Hippocamplus My Second Memory

Gencode exploration



Focusing on autosomes/X/Y, there are 57,783 “genes” of different types:

I merge the rare types into a other class and some RNAs.

gene_type.f n
protein_coding 20332
pseudogene 13931
other 7417
lincRNA 7114
RNA 5934
miRNA 3055


The largest annotated genes span more than 2 Mbp:

seqnames gene_name gene_type size.Mbp
chr7 CNTNAP2 protein_coding 2.304638
chr9 PTPRD protein_coding 2.298478
chrX DMD protein_coding 2.241765
chr3 LSAMP protein_coding 2.194861
chr11 DLG2 protein_coding 2.172912

The smallest protein-coding annotated genes less than 100 bp:

seqnames gene_name gene_type size.bp
chr2 AC011308.1 protein_coding 59
chr12 AC055736.1 protein_coding 66
chr16 PIH1 protein_coding 93
chr2 AC012360.2 protein_coding 96
chr5 AC008914.1 protein_coding 102


Using non-overlapping windows of 1 Mb the gene density looks like this:

  • Chr 19, 17 and 11 have more protein-coding genes than the rest.
  • Chr Y has more pseudogene compared to other classes.

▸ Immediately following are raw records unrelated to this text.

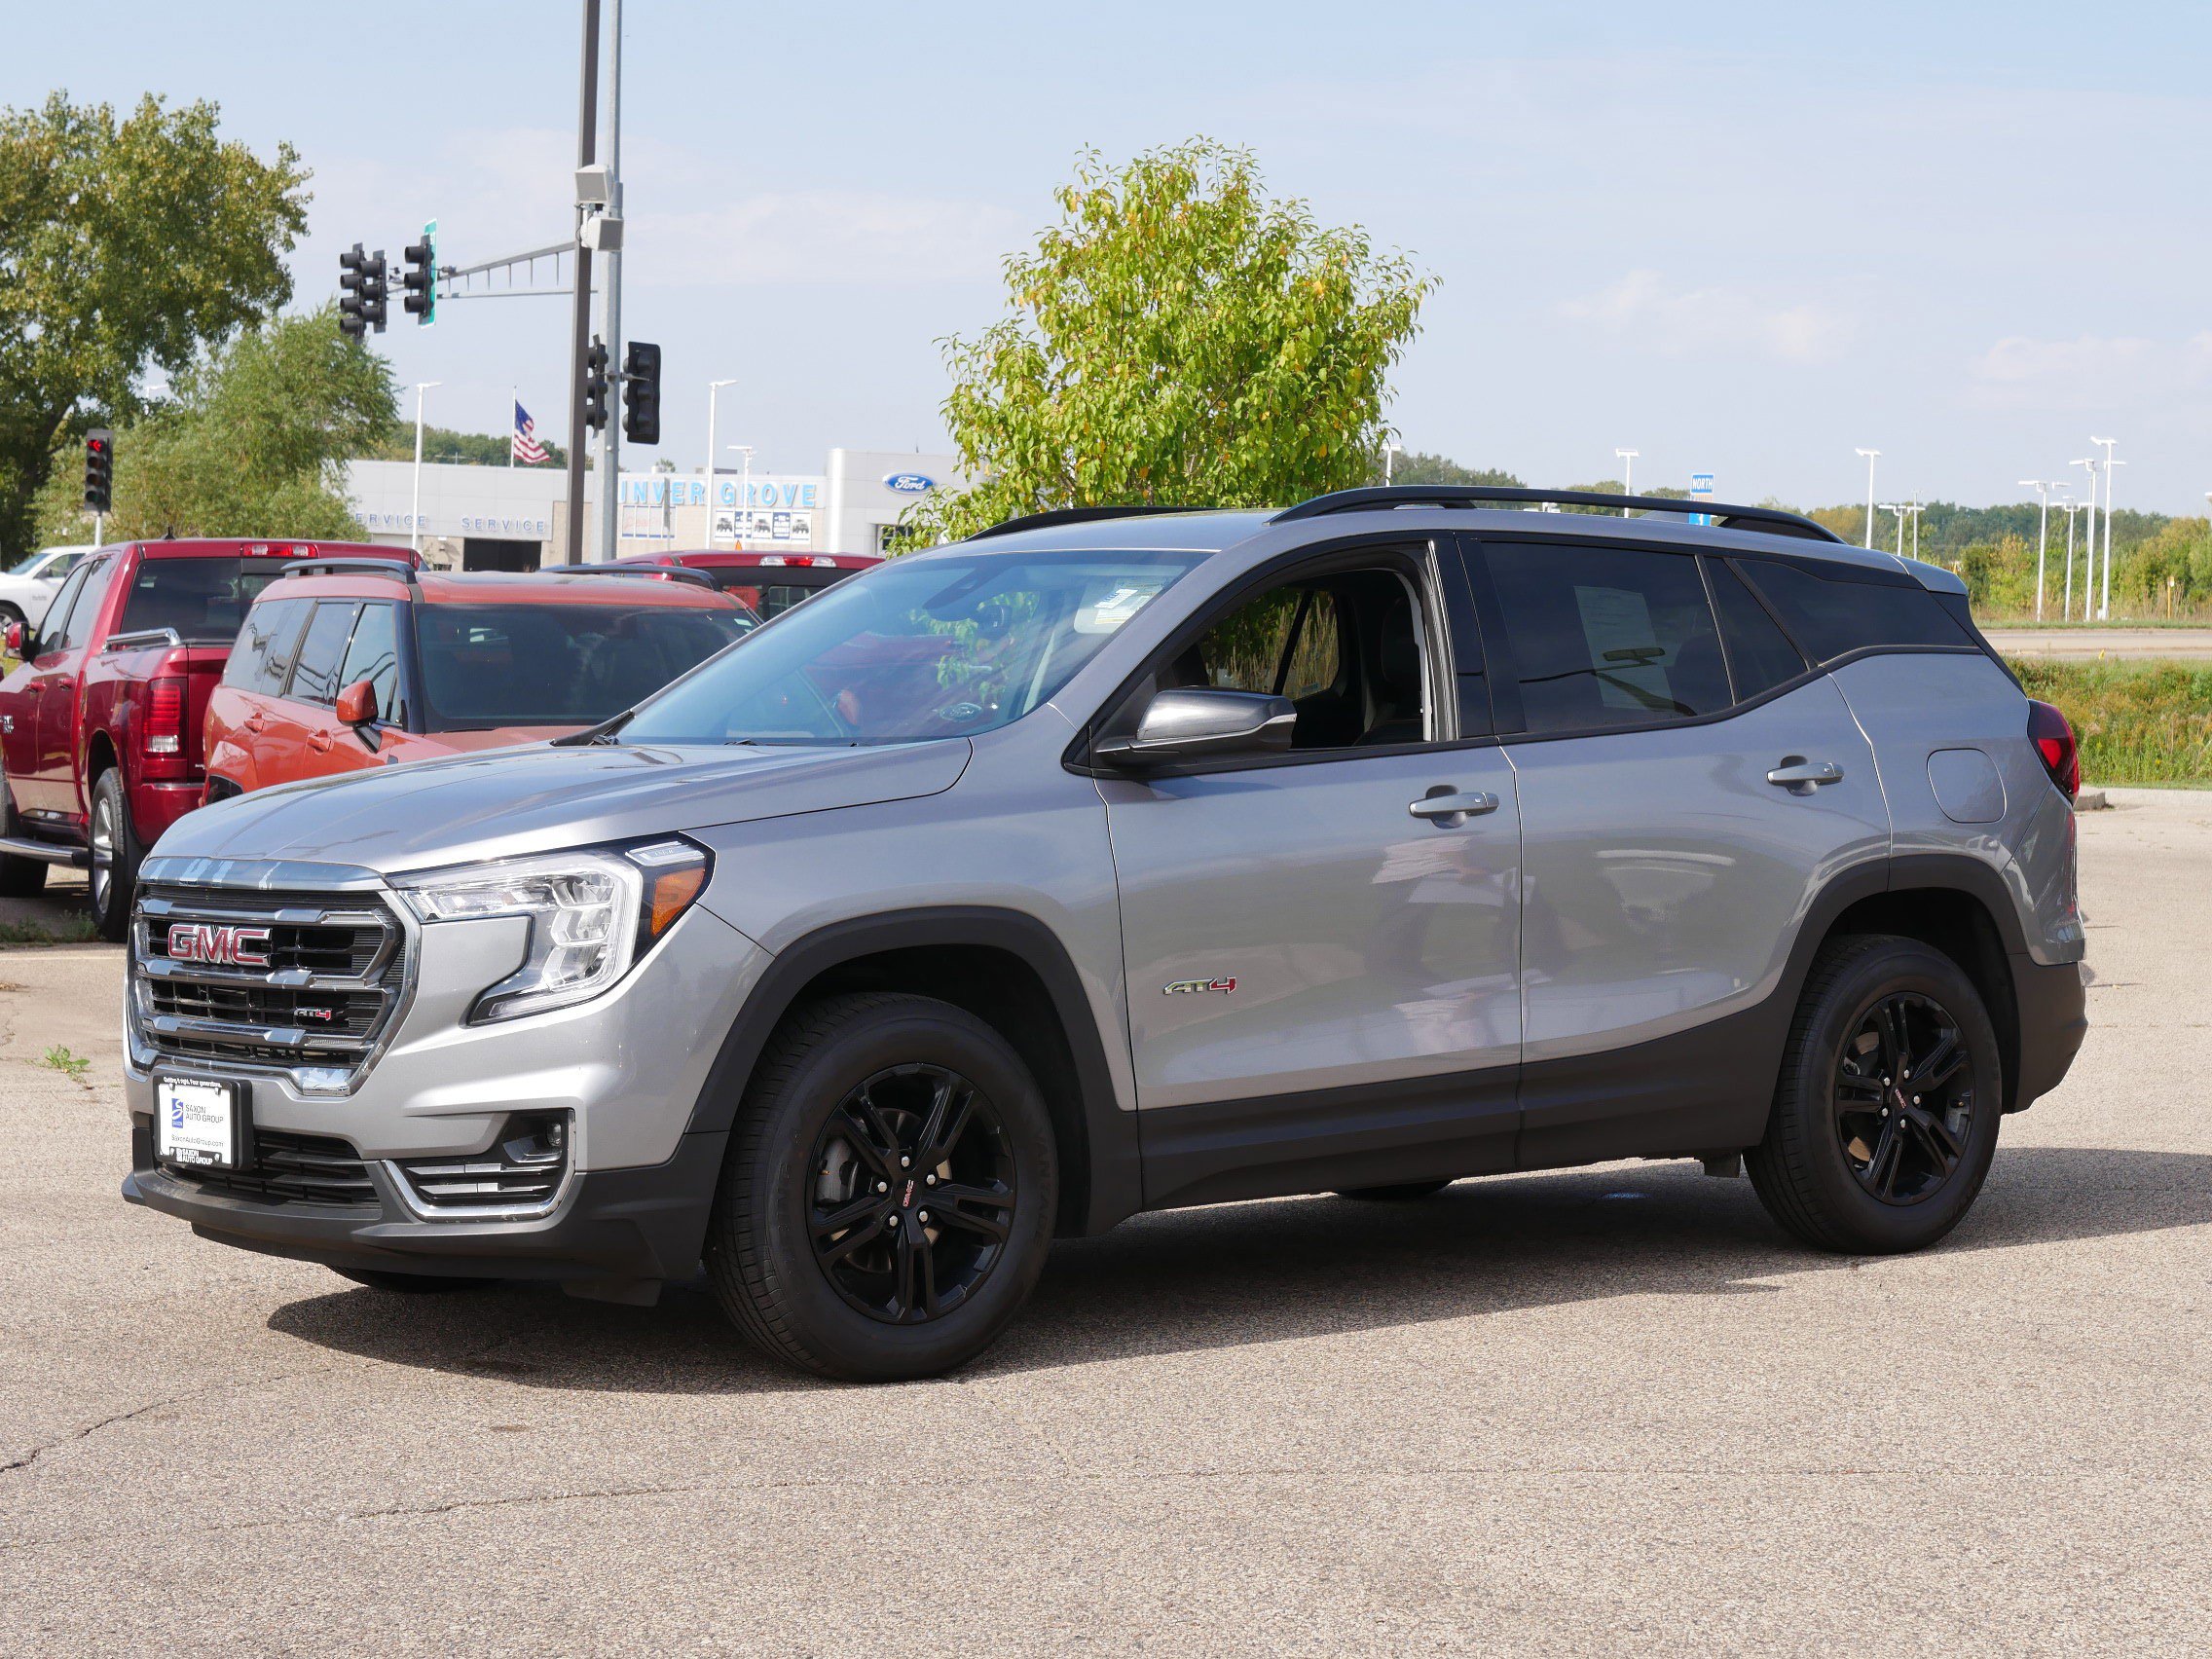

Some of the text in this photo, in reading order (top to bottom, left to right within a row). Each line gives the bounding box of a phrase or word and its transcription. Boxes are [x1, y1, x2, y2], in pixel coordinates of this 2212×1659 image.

[895, 476, 926, 490] Ford
[1692, 477, 1714, 490] NORTH
[620, 480, 817, 507] INVER GROVE
[350, 512, 426, 527] ERVICE
[461, 517, 544, 533] SERVICE
[168, 924, 272, 967] GMC
[1163, 977, 1236, 994] AT4
[294, 1008, 331, 1020] AT4
[185, 1104, 206, 1114] SAXON
[202, 1115, 224, 1124] GROUP
[183, 1155, 213, 1165] AUTO GROUP
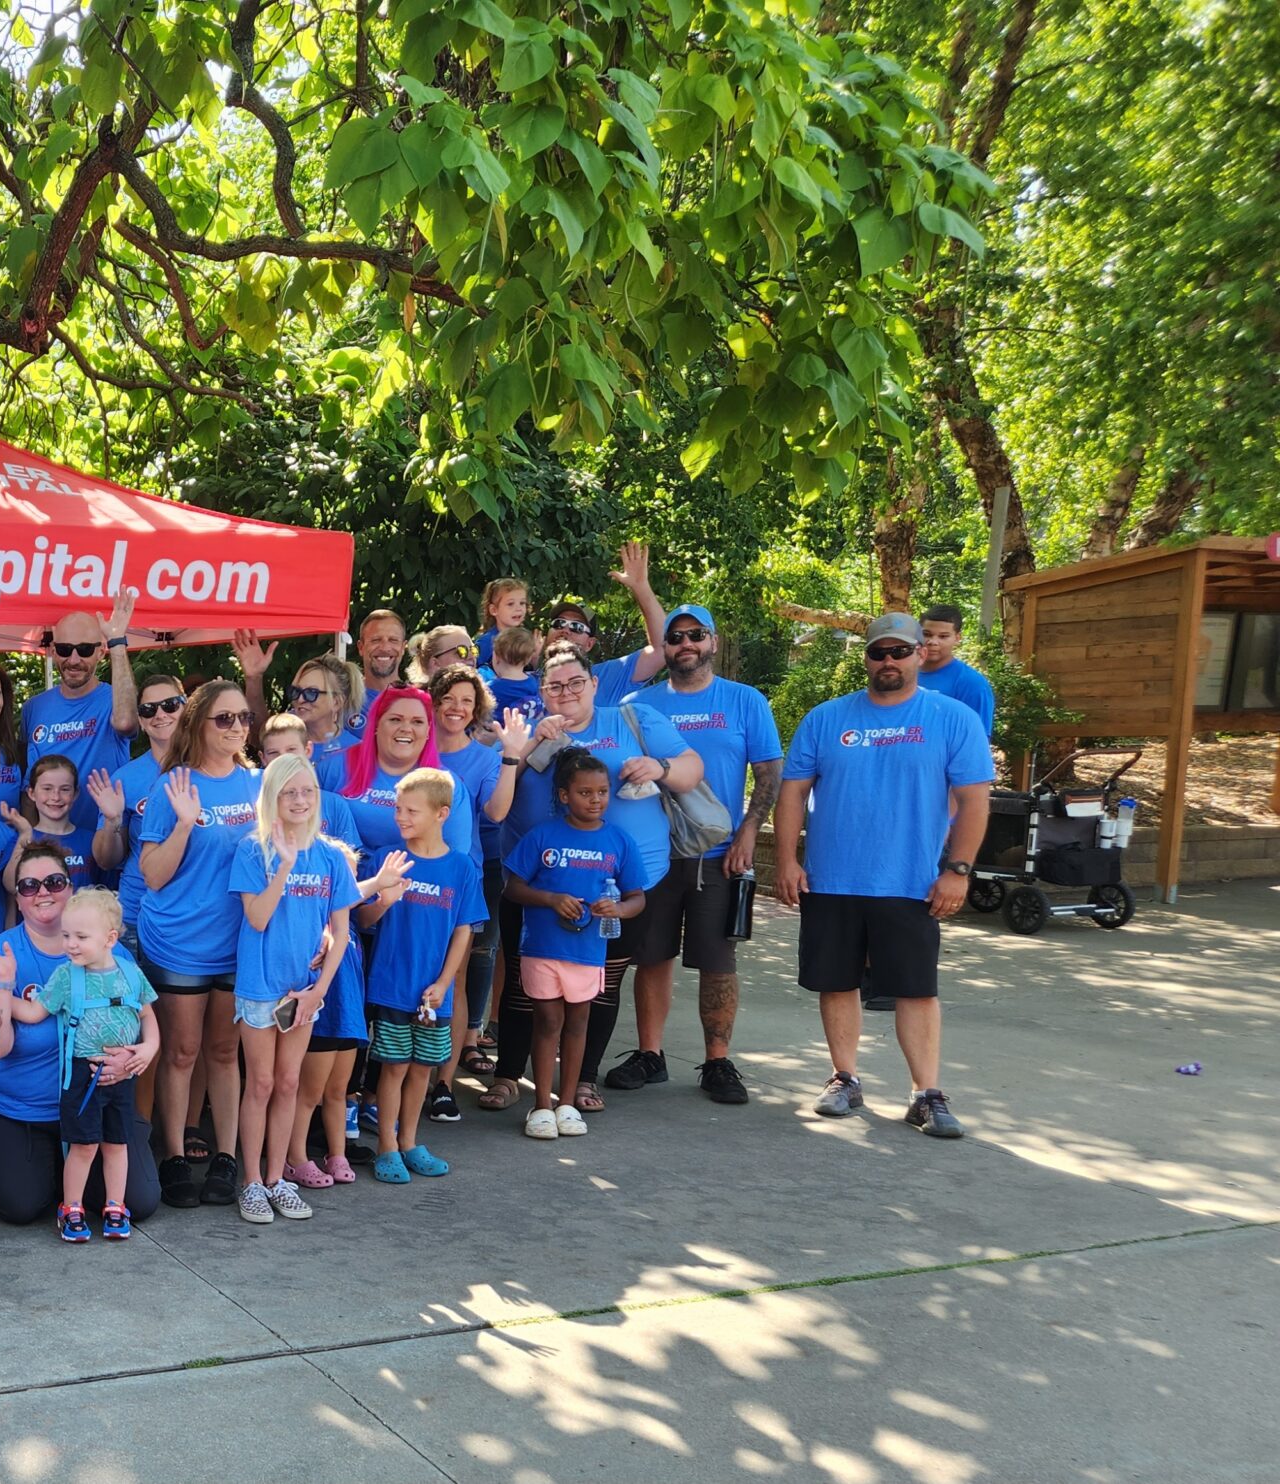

Focusing on autosomes/X/Y, there are 1,196,256 “exons” from different types of genes:

For the rest of the analysis, I use only exons from protein-coding genes.

Number per gene

mean.nb.exon median.nb.exon max.nb.exon
52.9 31 1696

The gene with the most exons is the Titin gene:

gene_name exon
TTN 1696
SYNE1 1377
NEB 1225
CACNA1G 1139
CACNA1C 1098


The average exon size is 232 bp.

The first exon seems to be slightly larger than the others. I used genes with at least 10 exons to be sure it’s not due to large single-exon genes.

The largest annotated exons are more than 20 Kbp long:

seqnames gene_name size.kb
chr8 TRAPPC9 29.06
chr5 MCC 27.20
chr12 GRIN2B 24.41
chr19 MUC16 21.69
chr2 ABI2 20.55

The smallest are just 1 bp !?

seqnames gene_name size.bp
chr2 ALK 1
chr3 ACAD11 1
chr4 PPA2 1
chr5 PAM 1
chr5 GALNT10 1